Both those points were true. The Fat Lady weighed nearly ten tons, which was more than any bomber could carry. And anything bigger than a Piper Cub drew the Lizards’ immediate and hostile attention. Groves didn’t know how to make a nuclear weapon small enough to fit into a Piper Cub, but he did know that, no matter what theLuftwaffe thought, you didn’t have to deliver a bomb by air.

“I promise you, Dr. Szilard: we will manage when the time comes,” he said, and let it go at that. He didn’t want everybody to hear what the delivery plans were. Security wasn’t as tight as it had been with the Japs and Nazis to worry about; he had trouble imagining anybody vile enough to want to betray American atomic secrets to the Lizards. But he was just an engineer, and knew his imagination had limits. What was unthinkable for him might not be for someone else.

“How do we even get the thing out of the reprocessing plant?” a technician asked. He worked at one of the piles, not here where the plutonium was extracted and the bomb made. Groves just pointed to the wooden cart on which the Fat Lady sat. It had wheels. The technician looked foolish.
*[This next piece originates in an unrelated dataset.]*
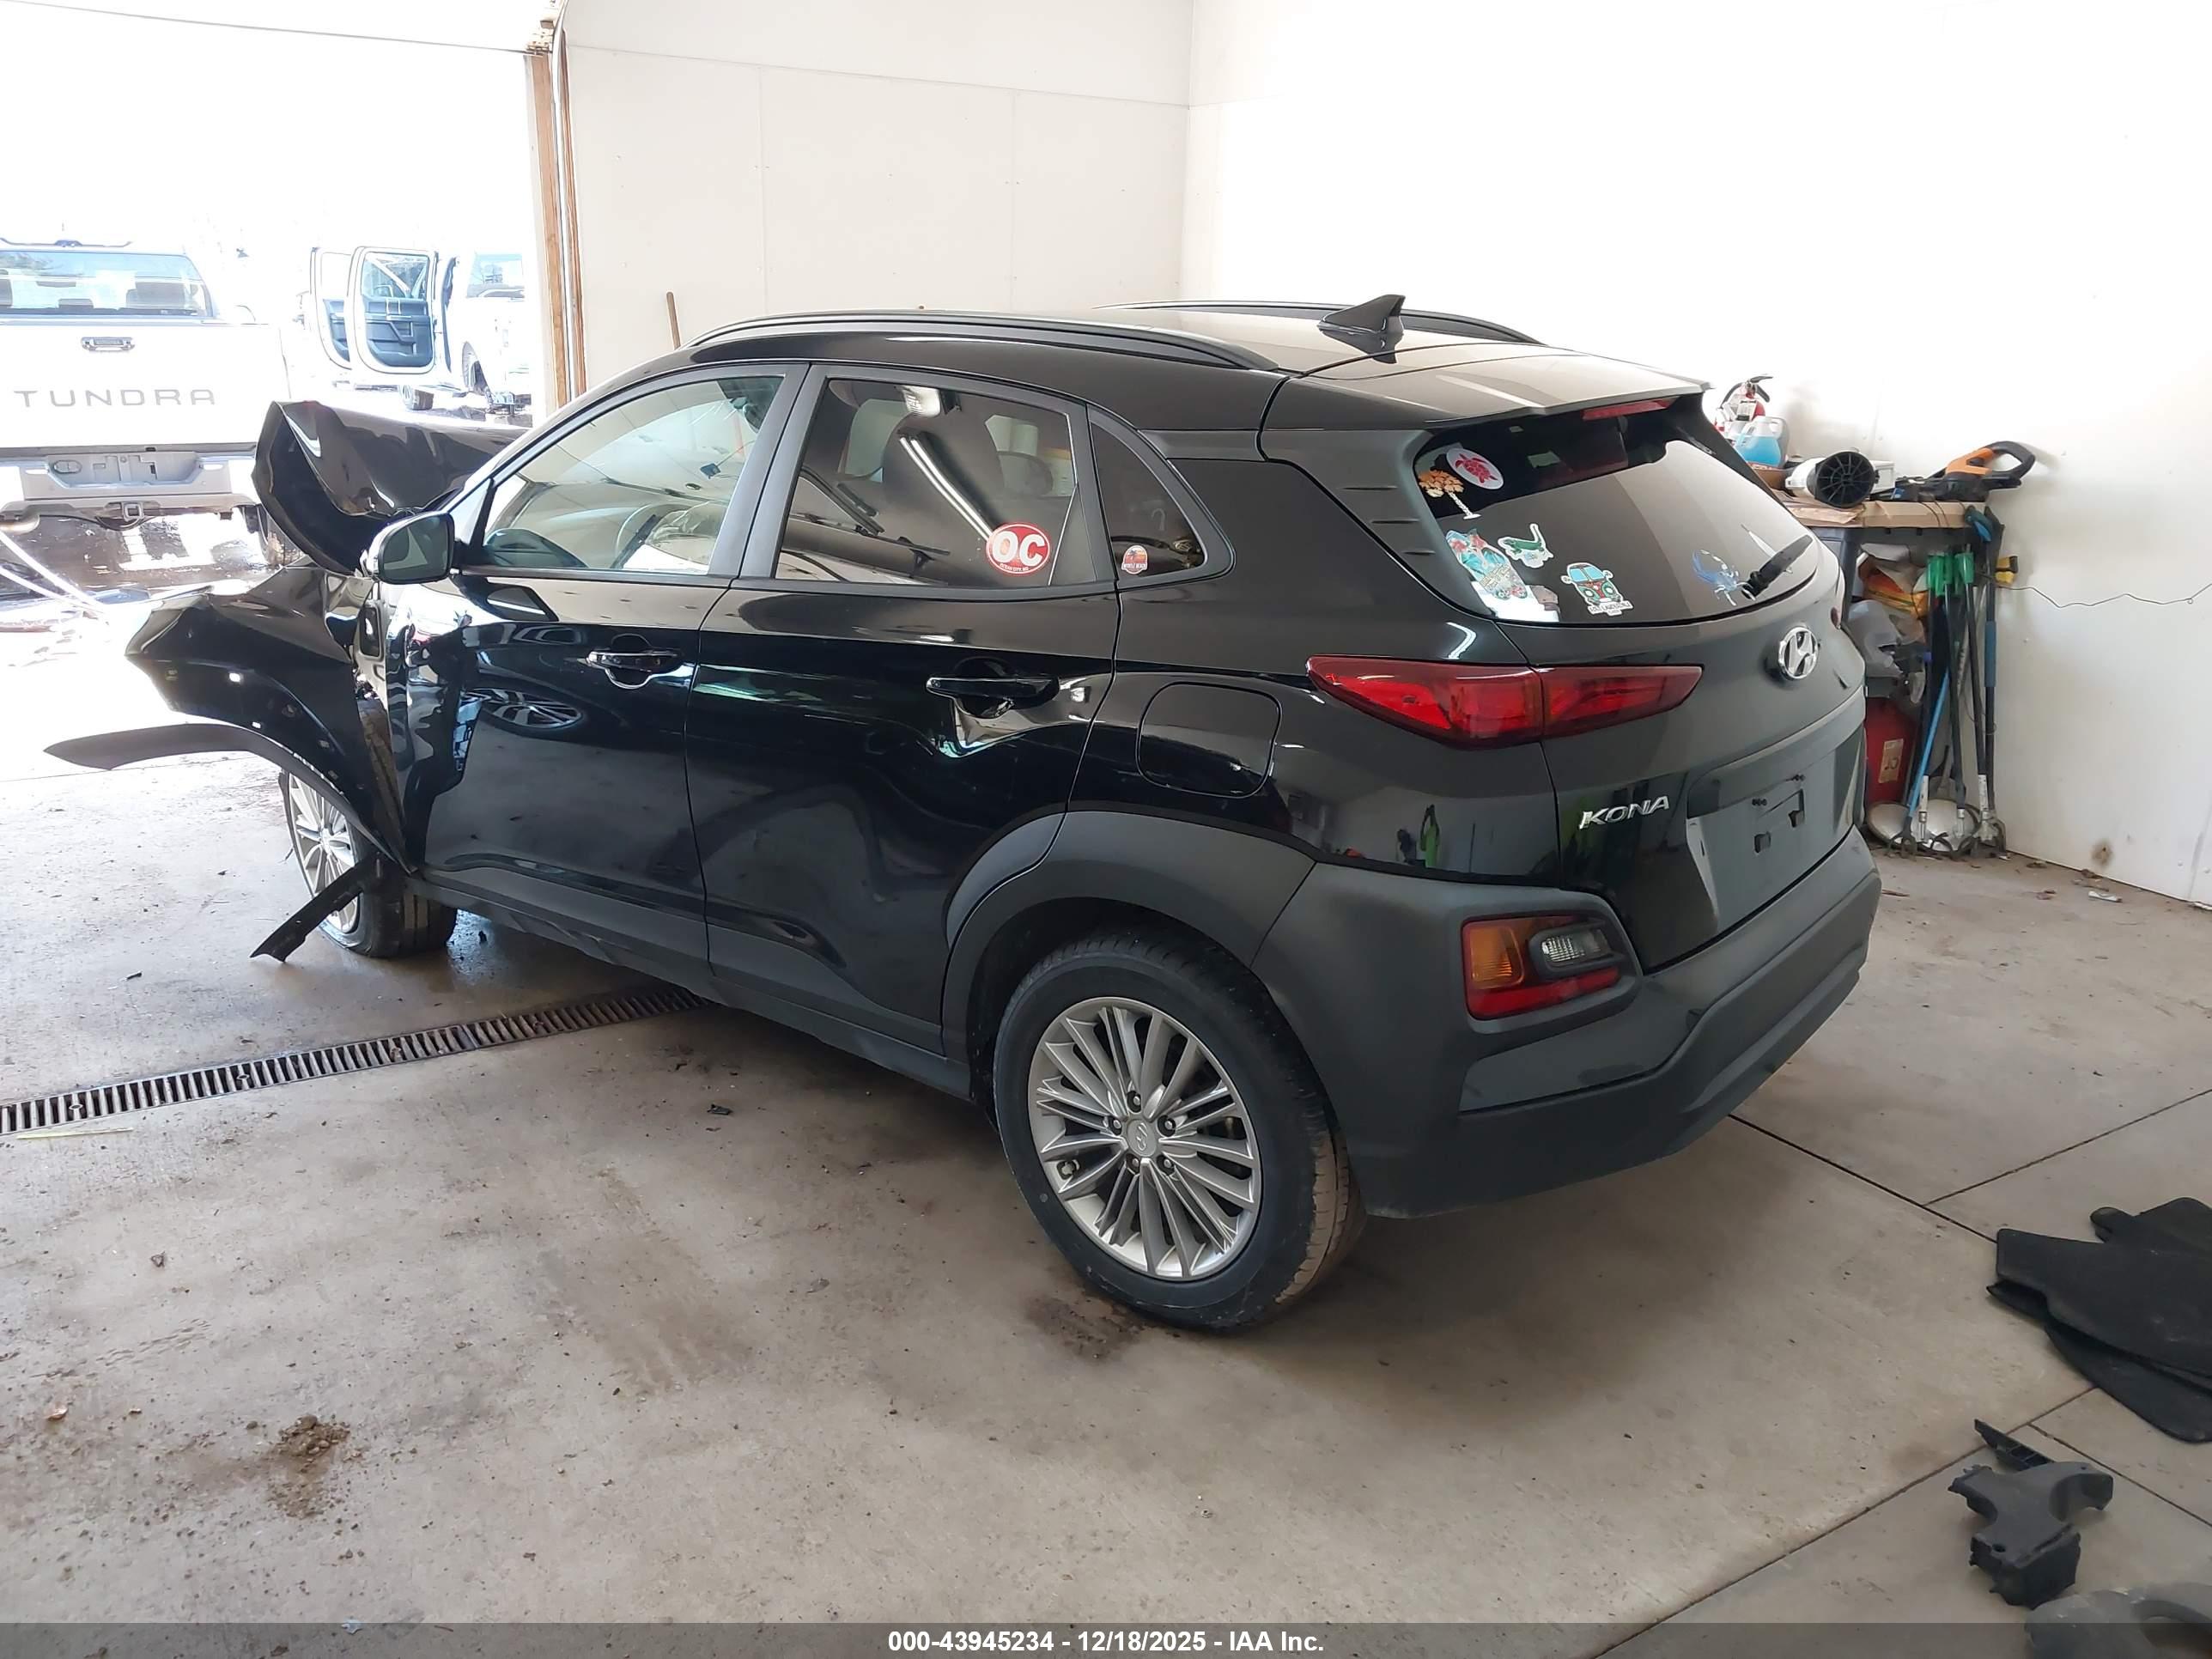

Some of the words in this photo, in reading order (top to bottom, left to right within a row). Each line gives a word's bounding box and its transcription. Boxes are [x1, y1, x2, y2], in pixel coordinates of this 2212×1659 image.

[13, 389, 216, 408] TUNDRA
[992, 531, 1045, 567] OC
[1579, 796, 1669, 830] KONA
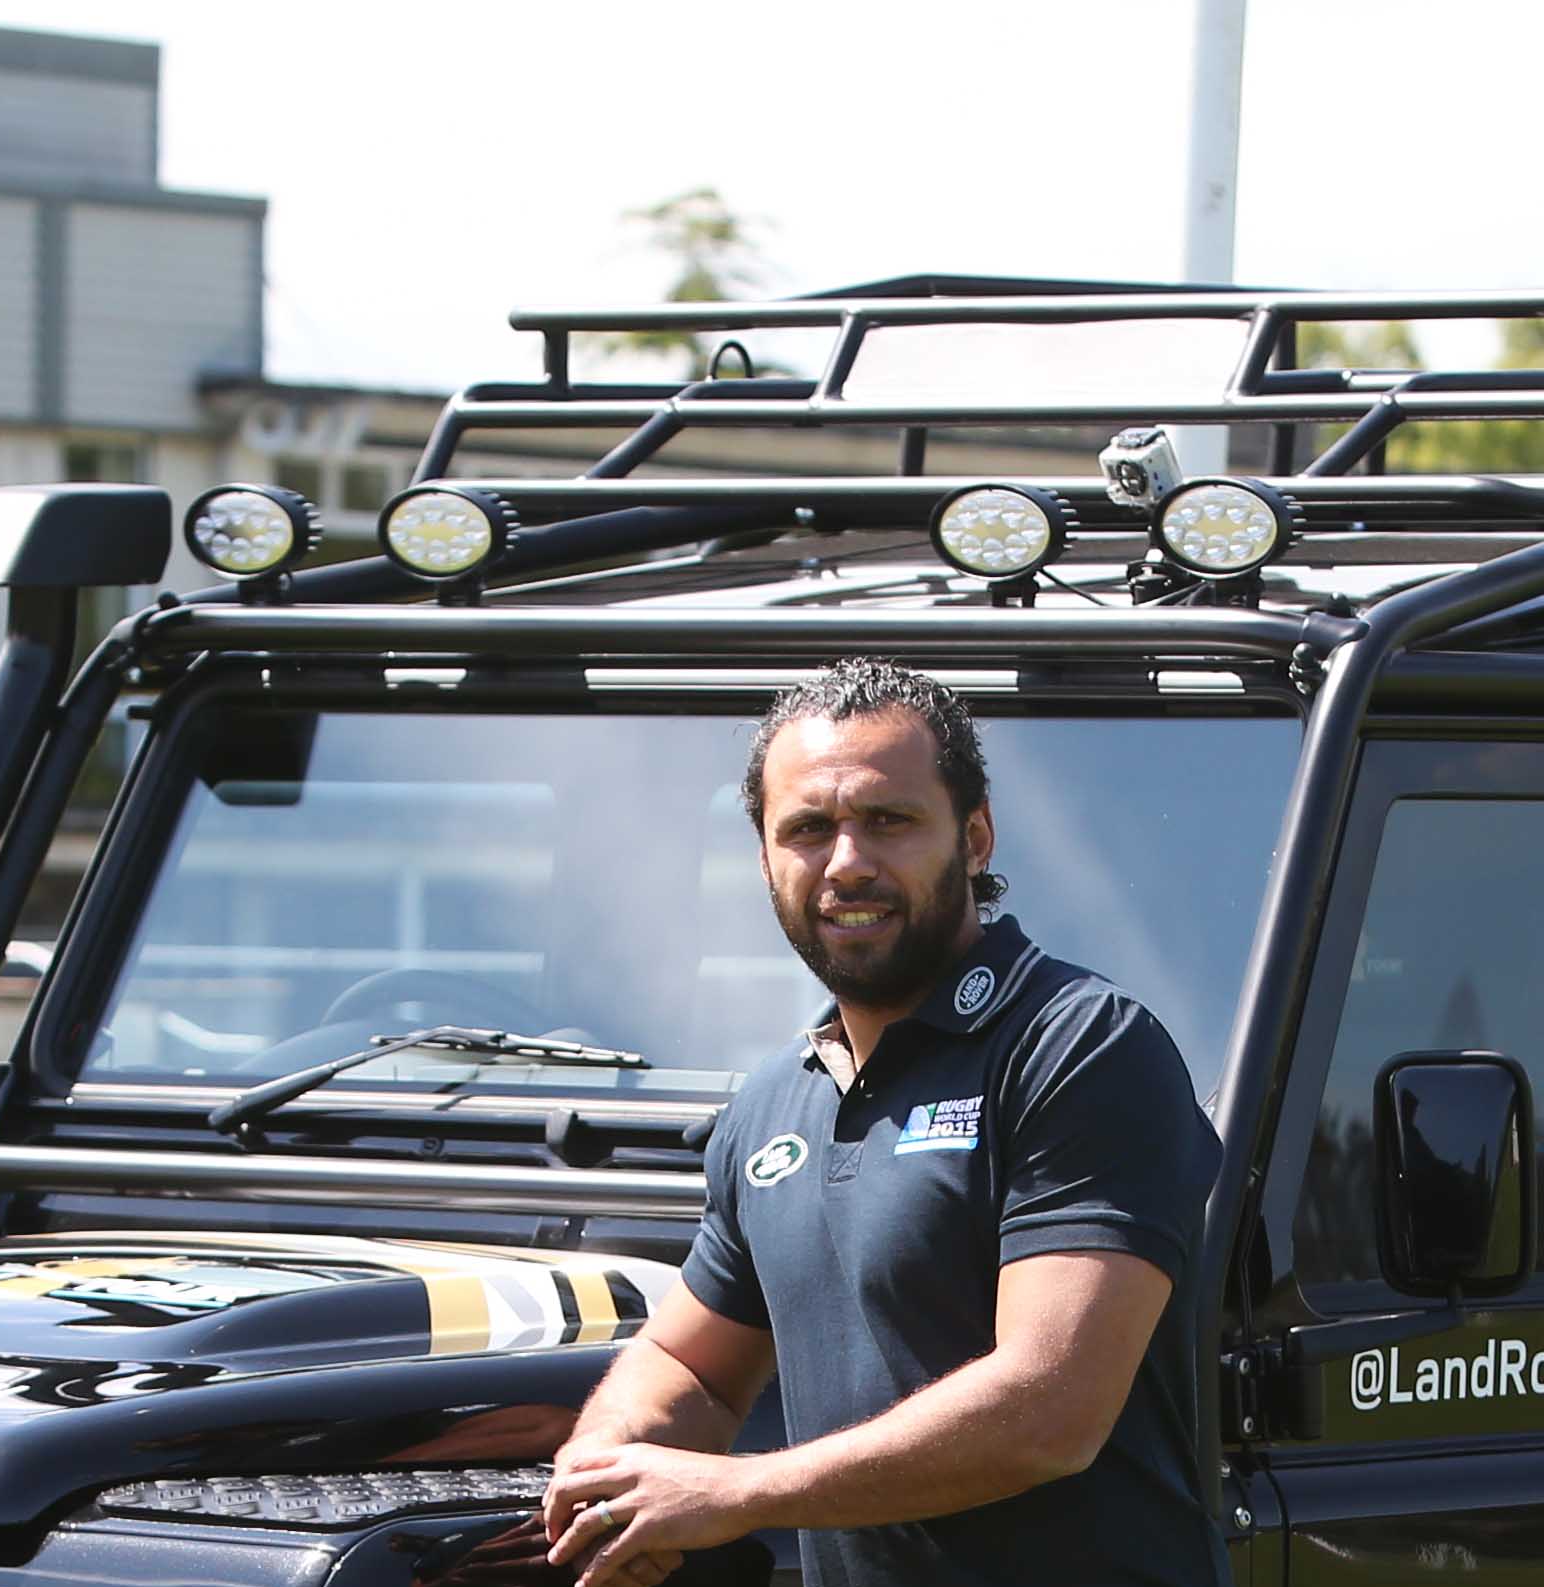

He needn’t have. Moving ten tons was no laughing matter, especially when those ten tons included complicated gadgetry and had to be moved in utmost secrecy. Groves had most of the answers now. Inside a week, he needed all of them. He was confident he’d get them. Moving heavy things from one place to another was a technology mankind had had under control since the days of the Pharaohs.

Somebody said, “We got our bombs now. How soon will the Germans have theirs? When will the Russians set off another one? What about the Japs?”

“If there are no other questions, class is dismissed,” Groves said solemnly. That got the laugh he’d hoped for. When it was over, he went on, “The Germans aren’t very far behind us. If they hadn’t had their, ah, accident, they might be ahead of us.”

The intelligence information on which he based that wasn’t firsthand. Much of it came from things Molotov had said when he was in New York. Where Molotov had got it, Groves didn’t know. The Russians had been wrong about the Germans before, generally to their sorrow.